# [Task requirements]
Transcribe the records in full; omit images.
[[ Provided data, beginning ]]
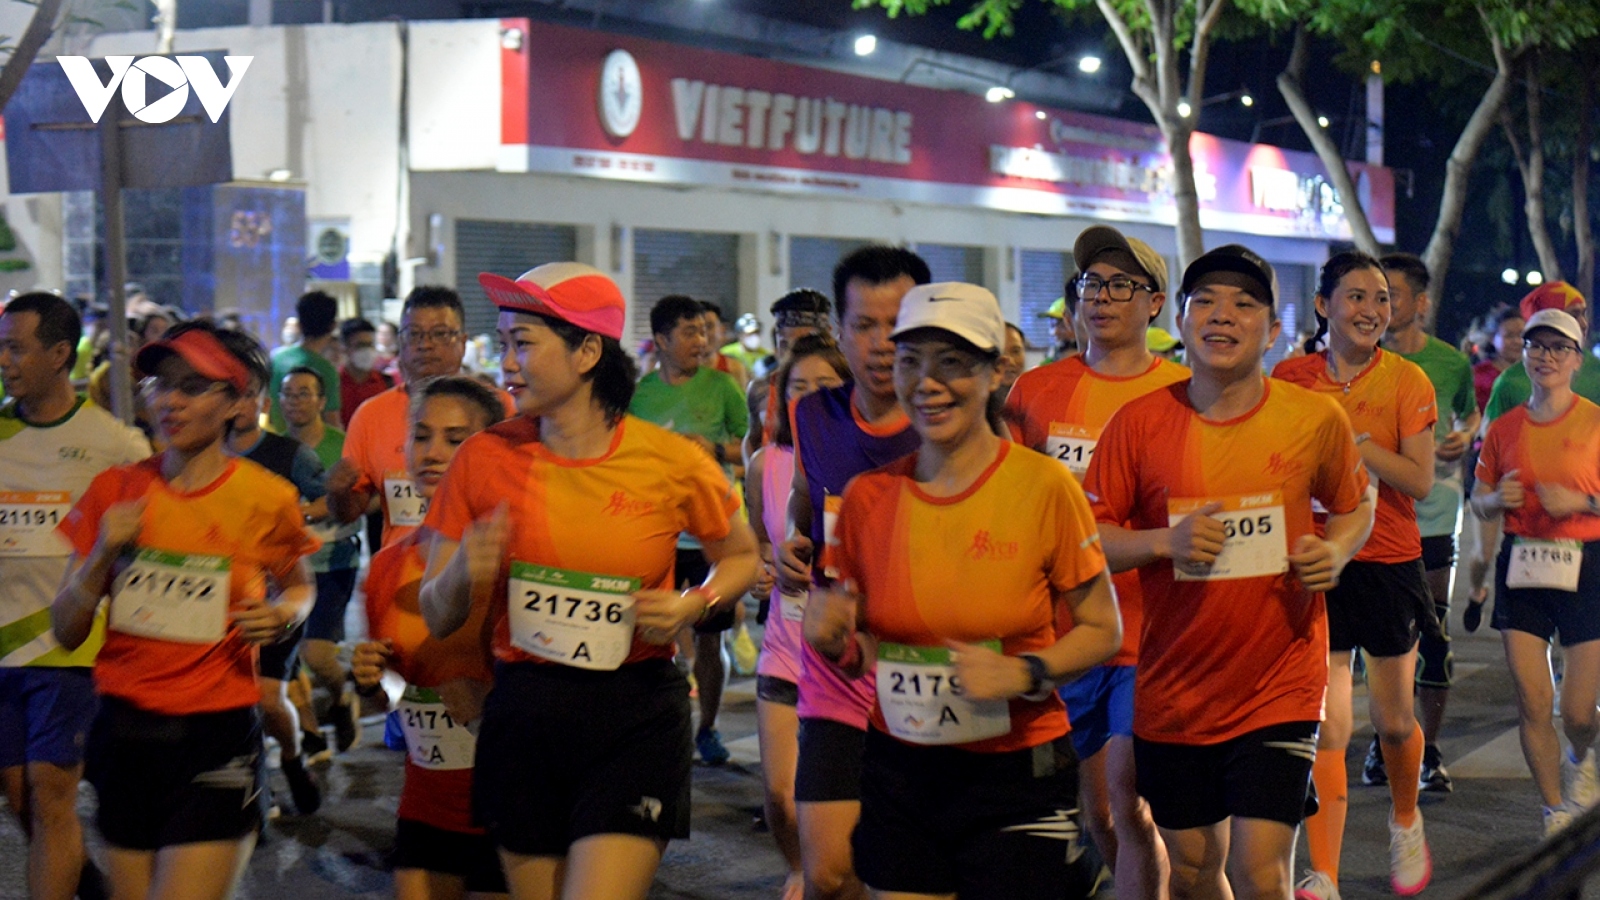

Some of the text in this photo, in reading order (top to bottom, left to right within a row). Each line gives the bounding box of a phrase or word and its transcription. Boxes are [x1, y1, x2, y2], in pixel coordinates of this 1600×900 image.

[671, 78, 912, 164] VIETFUTURE
[1057, 444, 1094, 462] 21
[0, 509, 58, 525] 21191
[591, 577, 630, 592] 21KM
[524, 591, 622, 624] 21736
[571, 642, 592, 662] A
[890, 671, 966, 696] 2179
[405, 708, 468, 729] 2171
[938, 705, 960, 727] A
[430, 745, 445, 763] A
[[ Provided data, end ]]
# [Final answer]
Some of the text in this photo, in reading order (top to bottom, left to right within a row). Each line gives the bounding box of a phrase or word and its transcription. Boxes are [x1, y1, x2, y2], in pixel coordinates of this 1600×900 image.

[671, 78, 912, 164] VIETFUTURE
[1057, 444, 1094, 462] 21
[0, 509, 58, 525] 21191
[591, 577, 630, 592] 21KM
[524, 591, 622, 624] 21736
[571, 642, 592, 662] A
[890, 671, 966, 696] 2179
[405, 708, 468, 729] 2171
[938, 705, 960, 727] A
[430, 745, 445, 763] A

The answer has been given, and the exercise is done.